REPUBLIKA.CO.ID, SEMARANG-- Kewenangan Mahkamah Konstitusi menyelesaikan sengketa pilkada dinilai perlu dikaji kembali.
"Semua sengketa pemilihan kepala daerah (pilkada) sekarang ini kan di sana (ditangani MK, red.). Tidak bisa dibayangkan dalam satu tahun saja ada berapa kali pilkada," kata pakar hukum pidana Universitas Diponegoro Semarang, Nyoman Sarikat Putrajaya, di Semarang, Jumat (4/10).

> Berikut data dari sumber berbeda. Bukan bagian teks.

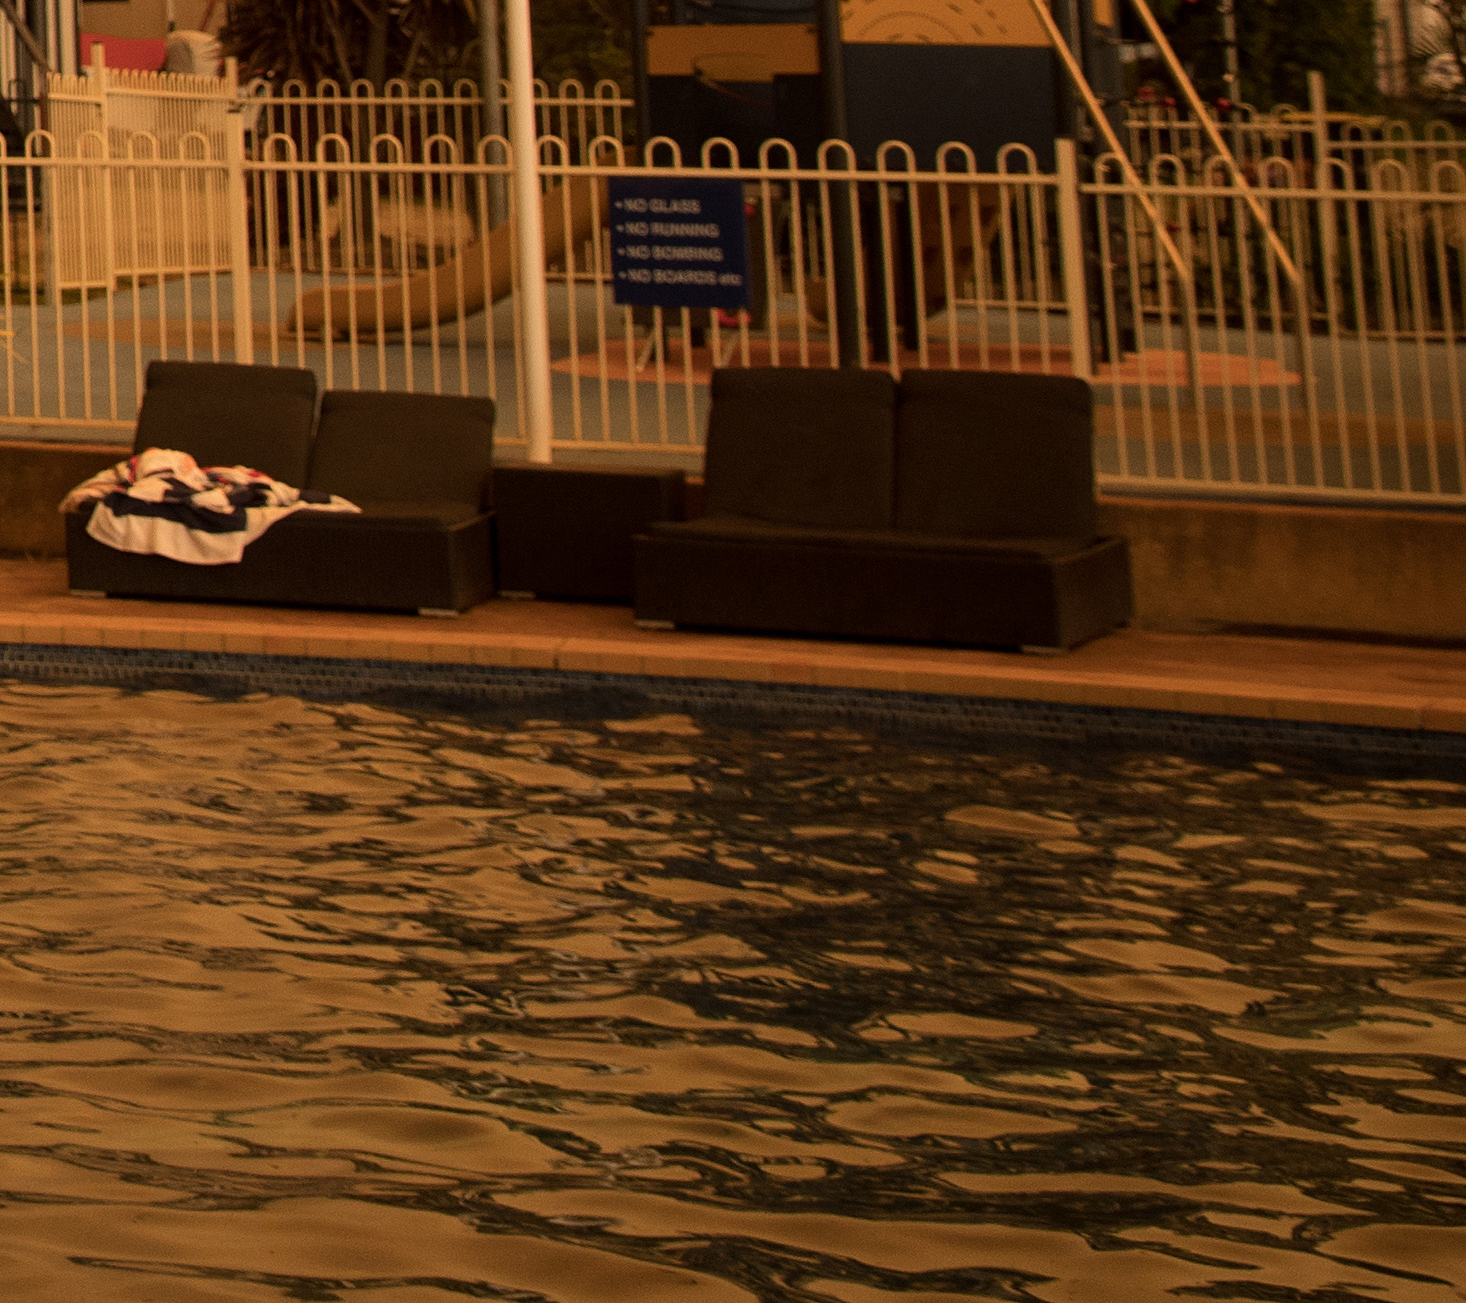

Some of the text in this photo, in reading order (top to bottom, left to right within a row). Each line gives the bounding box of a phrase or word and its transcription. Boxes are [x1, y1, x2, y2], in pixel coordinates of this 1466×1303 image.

[624, 199, 701, 214] NO GLASS
[625, 222, 719, 238] NO RUNNING
[626, 245, 724, 261] NO BOMBING
[627, 269, 651, 284] NO
[653, 270, 717, 285] BOARDS
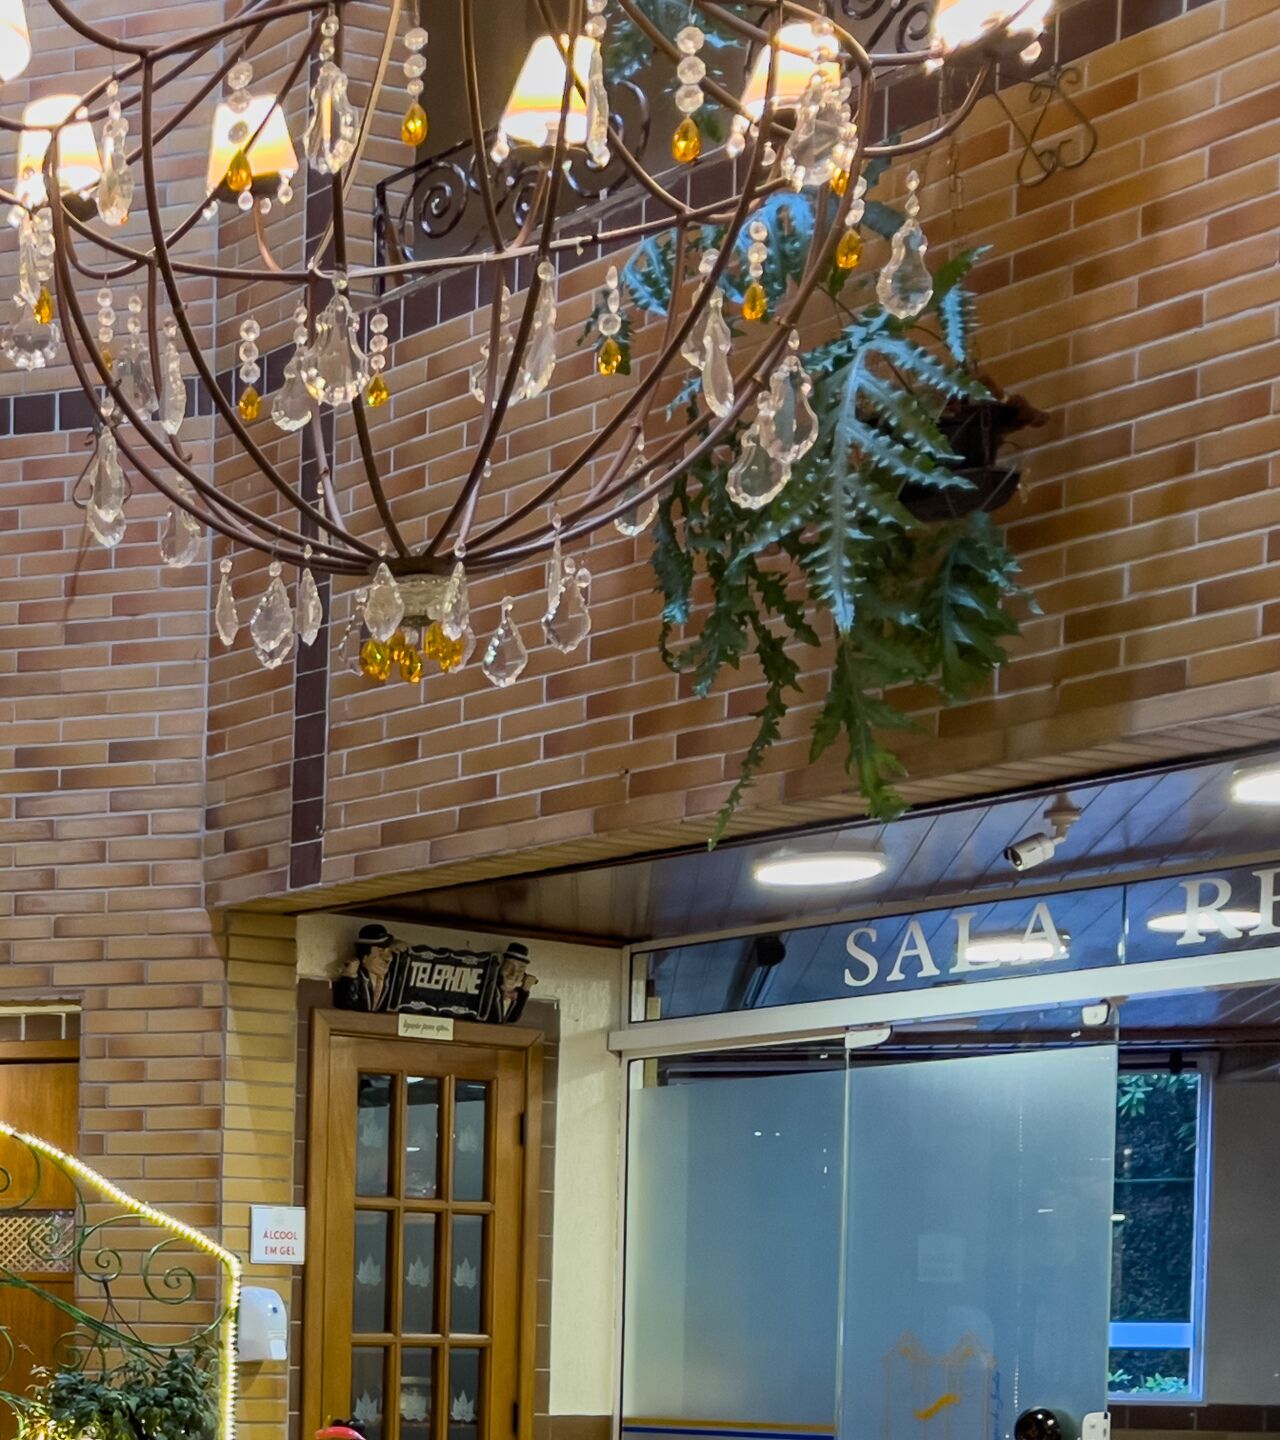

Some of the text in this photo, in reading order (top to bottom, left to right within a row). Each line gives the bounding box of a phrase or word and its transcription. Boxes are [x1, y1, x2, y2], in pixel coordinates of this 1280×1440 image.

[843, 901, 1070, 988] SALA
[409, 960, 484, 995] TELEPHONE
[265, 1246, 296, 1256] EM GEL

Ia menanggapi tertangkap tangan dan penetapan Ketua MK Akil Mochtar sebagai tersangka atas dugaan suap terkait sengketa dua pilkada, yakni Kabupaten Gunung Mas dan Lebak.
Sengketa pilkada dulu pernah ditangani Mahkamah Agung, tetapi kemudian dialihkan ke MK melalui Undang-Undang Nomor 12/2008 tentang Perubahan Kedua Atas UU Nomor 32/2004 tentang Pemerintahan Daerah.

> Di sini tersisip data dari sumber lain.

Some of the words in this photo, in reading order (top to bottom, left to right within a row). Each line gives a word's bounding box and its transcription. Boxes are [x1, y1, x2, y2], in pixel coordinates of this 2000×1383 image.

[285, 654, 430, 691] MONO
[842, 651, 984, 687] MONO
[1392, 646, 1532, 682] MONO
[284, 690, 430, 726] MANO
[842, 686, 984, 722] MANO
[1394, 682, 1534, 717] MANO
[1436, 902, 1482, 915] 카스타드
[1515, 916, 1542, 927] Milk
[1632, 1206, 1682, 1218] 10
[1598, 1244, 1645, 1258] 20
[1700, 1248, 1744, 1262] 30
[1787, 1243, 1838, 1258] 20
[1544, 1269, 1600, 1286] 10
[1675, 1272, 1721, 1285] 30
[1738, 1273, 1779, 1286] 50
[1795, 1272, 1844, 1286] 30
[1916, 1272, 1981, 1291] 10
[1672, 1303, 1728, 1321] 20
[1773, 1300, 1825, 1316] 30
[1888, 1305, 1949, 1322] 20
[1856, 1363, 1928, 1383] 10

Menurut Guru Besar Fakultas Hukum Undip itu, tugas MK tak hanya besar tetapi juga banyak mengingat MK juga menguji produk perundang-undangan sehingga beban tugas lembaga tersebut memang sangat banyak.
"Bahkan, ada UU yang begitu keluar, belum sampai dilaksanakan, sudah diajukan 'judicial review'. Karena itu, kewenangan MK untuk menangani sengketa pilkada baiknya perlu dipertimbangkan lagi, dikaji ulah," katanya.
"Saya tidak apriori dengan penanganan pilkada yang ditangani MK sepanjang hakim-hakim konstitusi menjalankan tugasnya dengan integritas, kejujuran, dan profesional. Ini kan soal beban tugas MK," katanya.